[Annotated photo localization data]
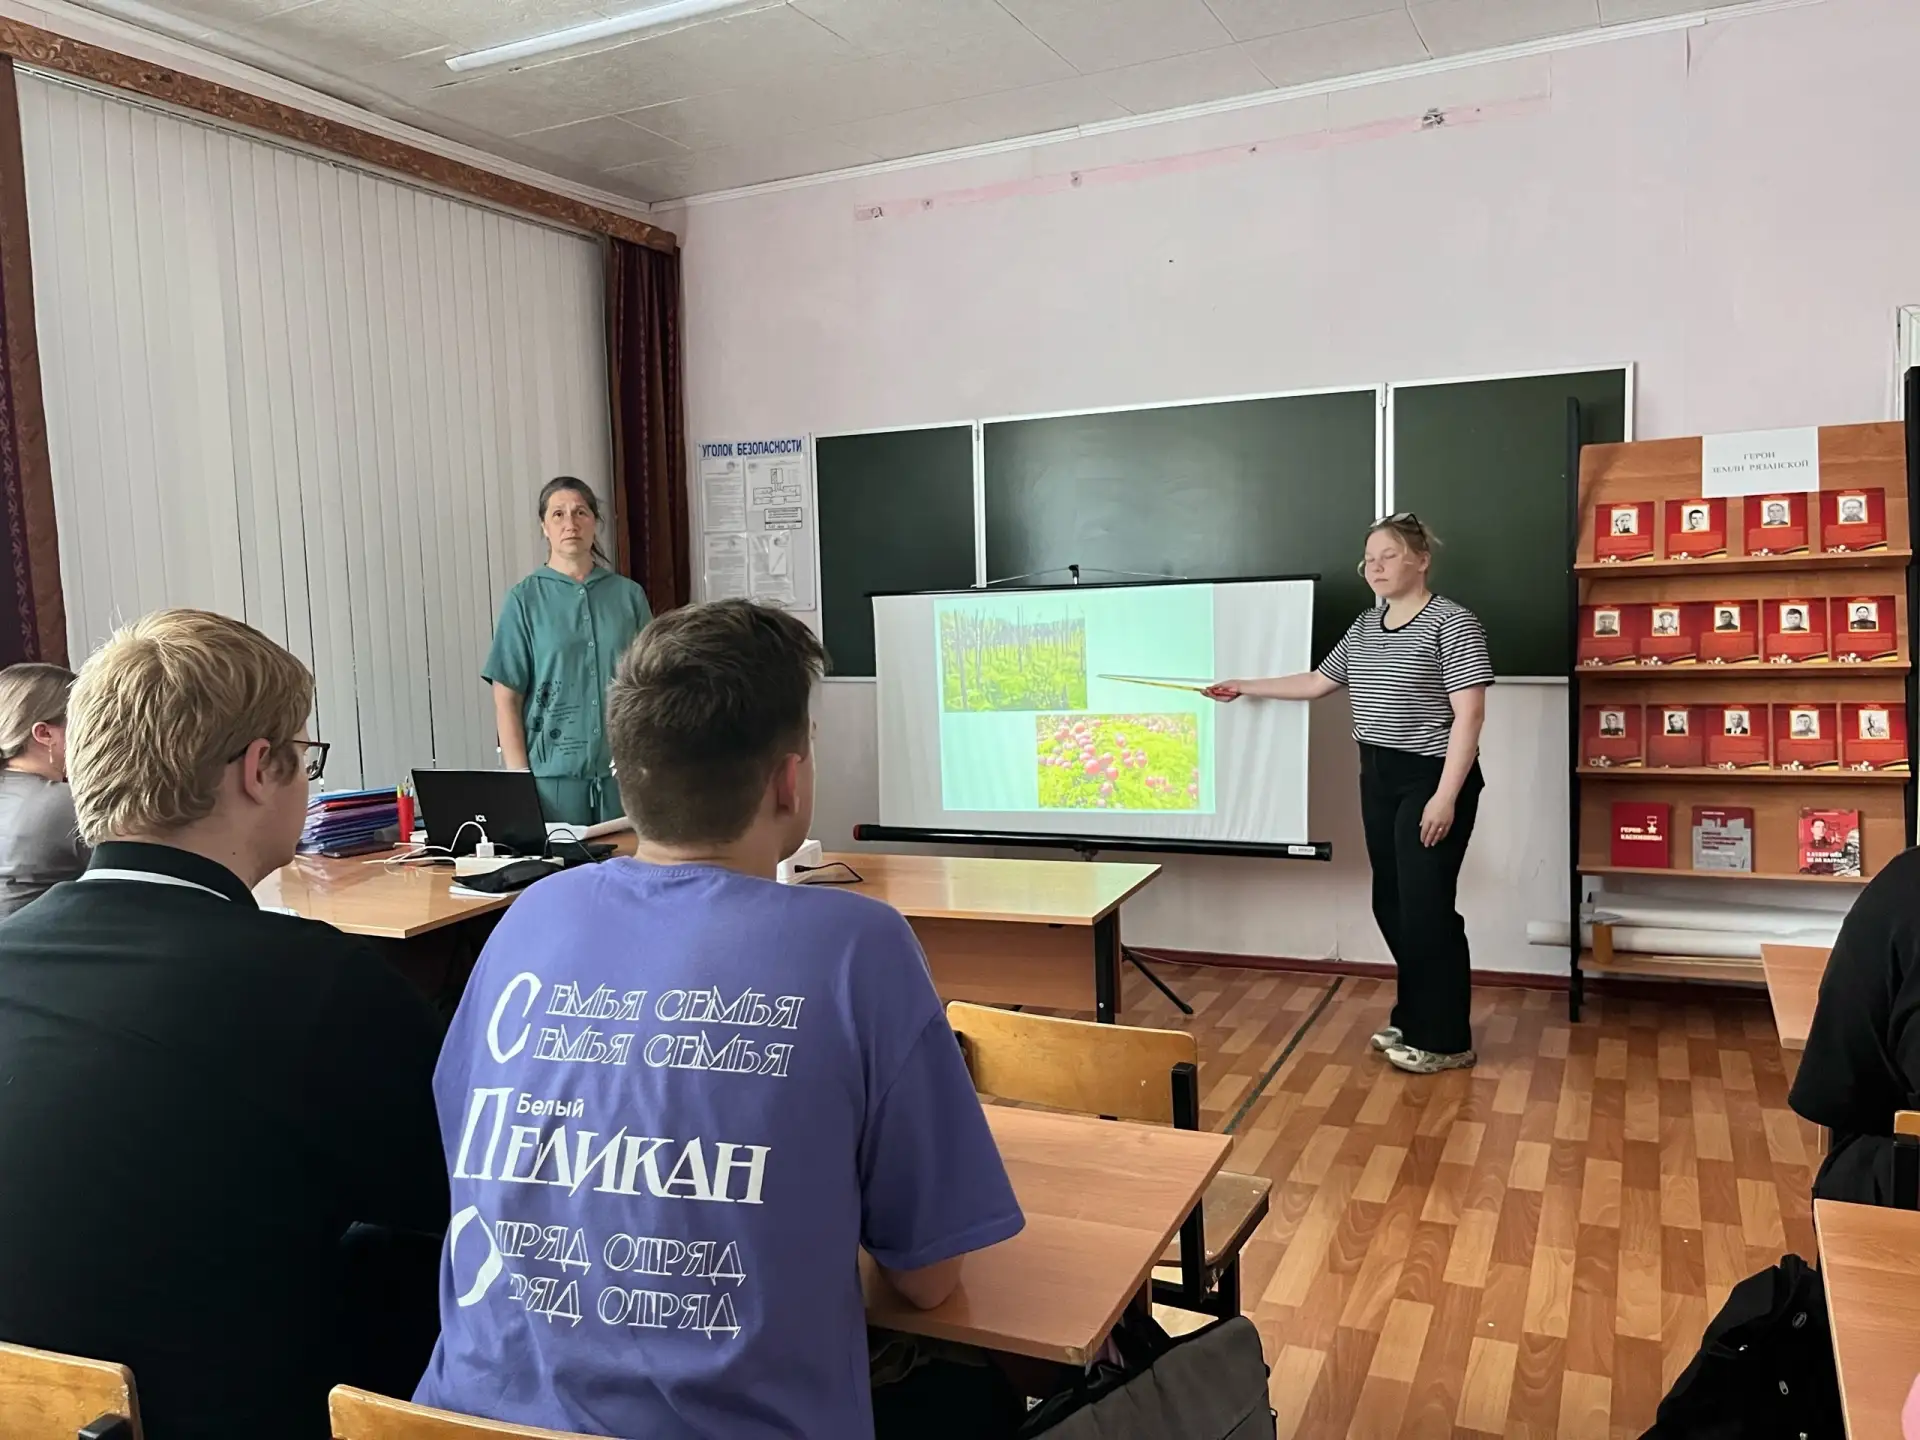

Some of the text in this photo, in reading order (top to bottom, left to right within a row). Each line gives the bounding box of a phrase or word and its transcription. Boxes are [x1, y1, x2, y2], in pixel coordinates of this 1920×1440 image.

[702, 439, 802, 457] УГОЛОК БЕЗОПАСНОСТИ
[1712, 459, 1809, 474] ЗЕМЛИ РЯЗАНСКОЙ
[1743, 451, 1775, 460] ГЕРОИ
[655, 985, 805, 1030] СЕМЬЯ
[643, 1030, 794, 1077] СЕМЬЯ
[516, 1092, 584, 1118] Белый
[453, 1087, 771, 1204] ПЕЛИКАН
[603, 1233, 746, 1287] ОТРЯД
[597, 1285, 741, 1340] ОТРЯД
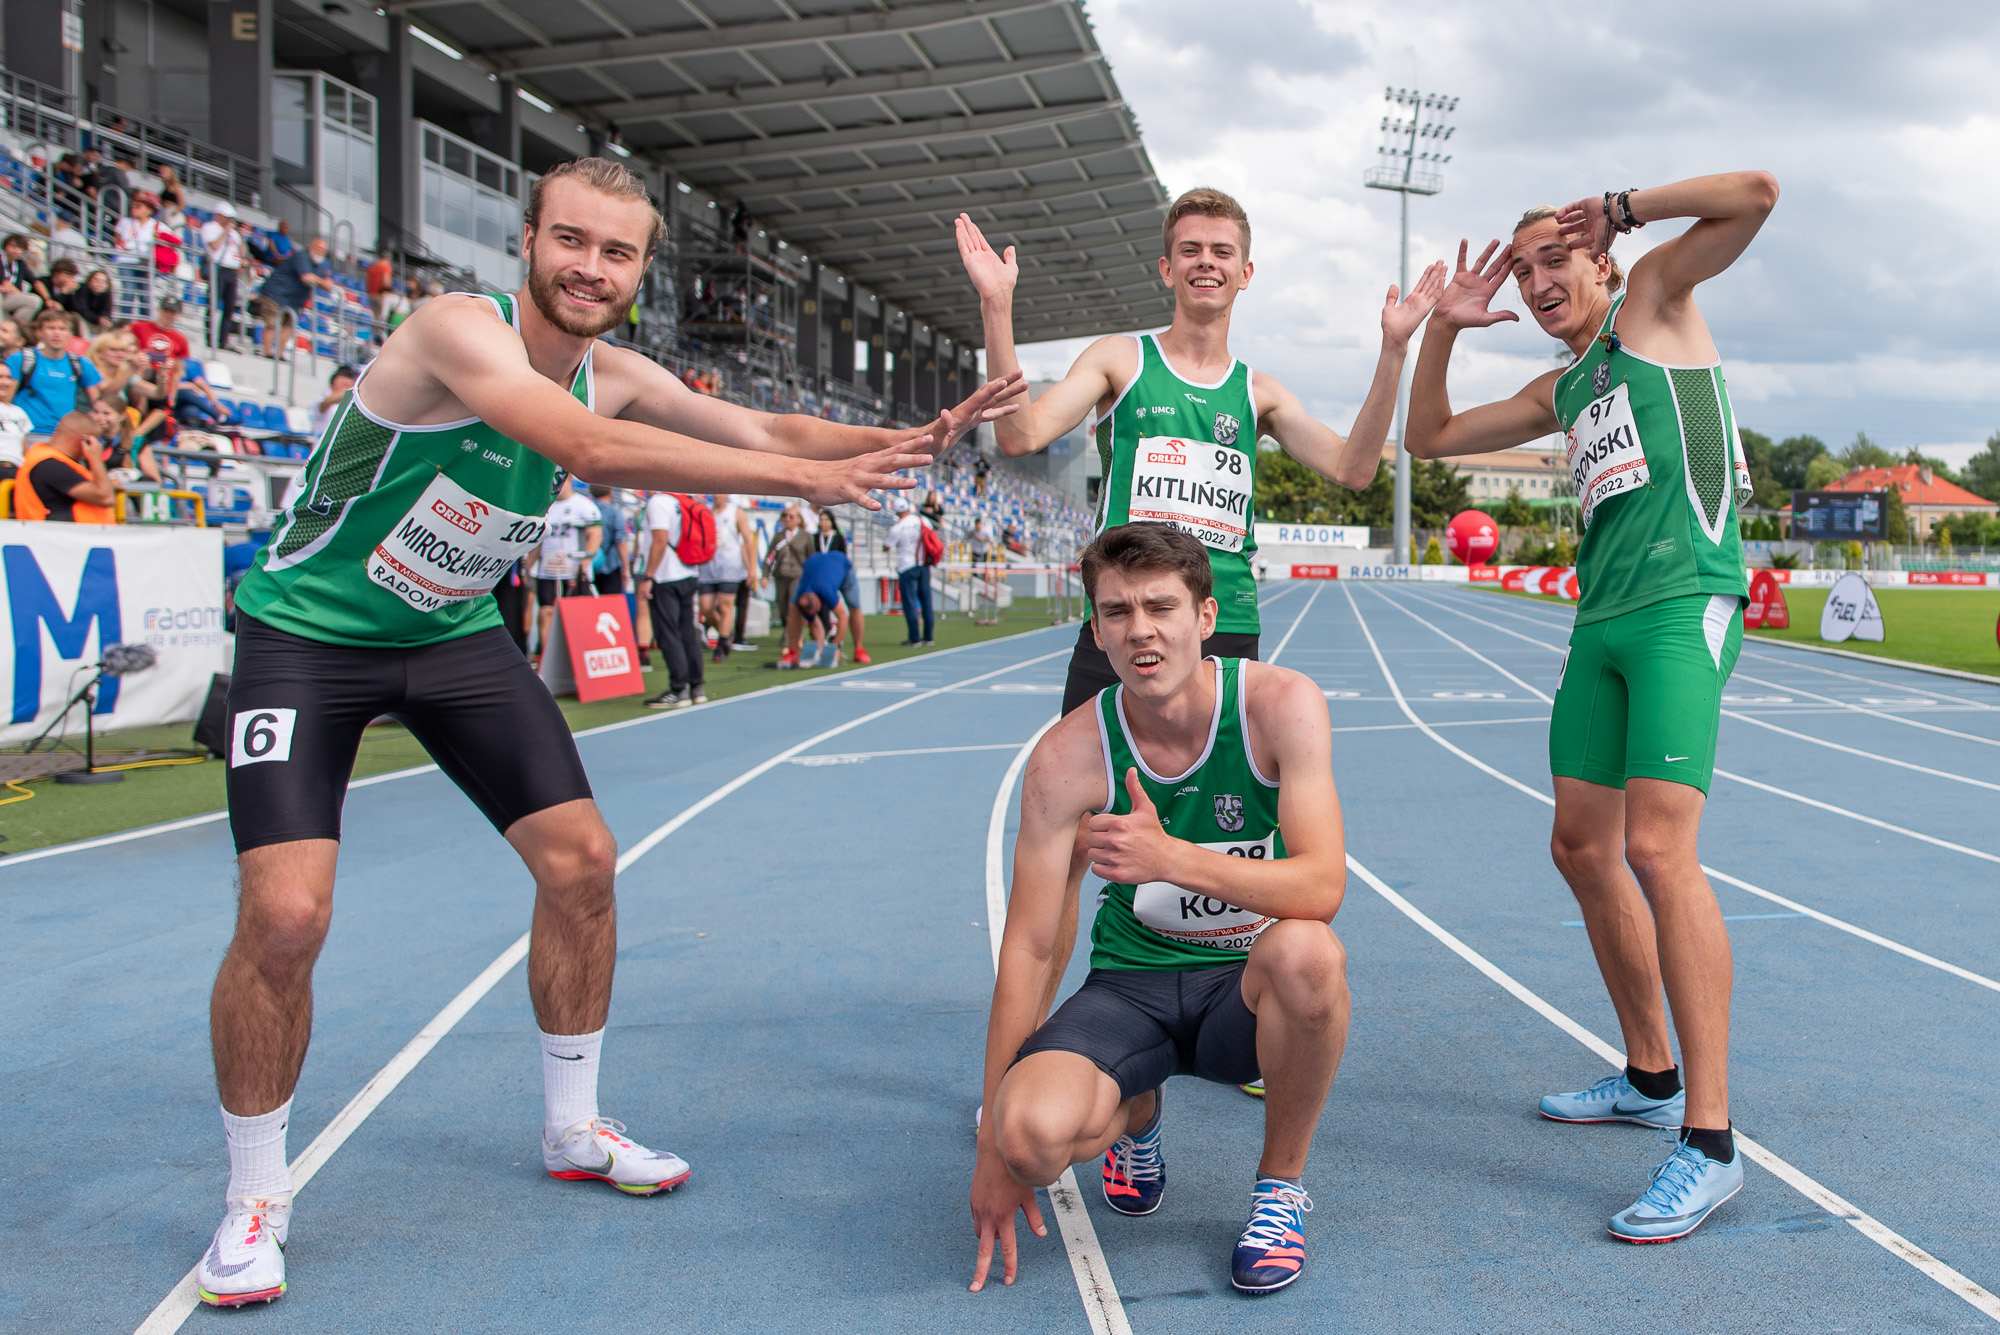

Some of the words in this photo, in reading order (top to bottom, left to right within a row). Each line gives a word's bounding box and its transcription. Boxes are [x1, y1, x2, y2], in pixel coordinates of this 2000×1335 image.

**Description of the task:** Every line of the data above should be repeated exactly. Omit the pictures.

**Response for this exercise:**
Some of the text in this photo, in reading order (top to bottom, left to right within a row). Each line gives the bounding box of a phrase or word and its transcription. Boxes are [x1, y1, x2, y2], in pixel coordinates of this 1920×1440 image.

[702, 439, 802, 457] УГОЛОК БЕЗОПАСНОСТИ
[1712, 459, 1809, 474] ЗЕМЛИ РЯЗАНСКОЙ
[1743, 451, 1775, 460] ГЕРОИ
[655, 985, 805, 1030] СЕМЬЯ
[643, 1030, 794, 1077] СЕМЬЯ
[516, 1092, 584, 1118] Белый
[453, 1087, 771, 1204] ПЕЛИКАН
[603, 1233, 746, 1287] ОТРЯД
[597, 1285, 741, 1340] ОТРЯД

Some of the words in this photo, in reading order (top to bottom, left to right within a row). Each line gives a word's bounding box and its transcription. Boxes are [x1, y1, x2, y2], in pixel coordinates of this 2000×1335 image.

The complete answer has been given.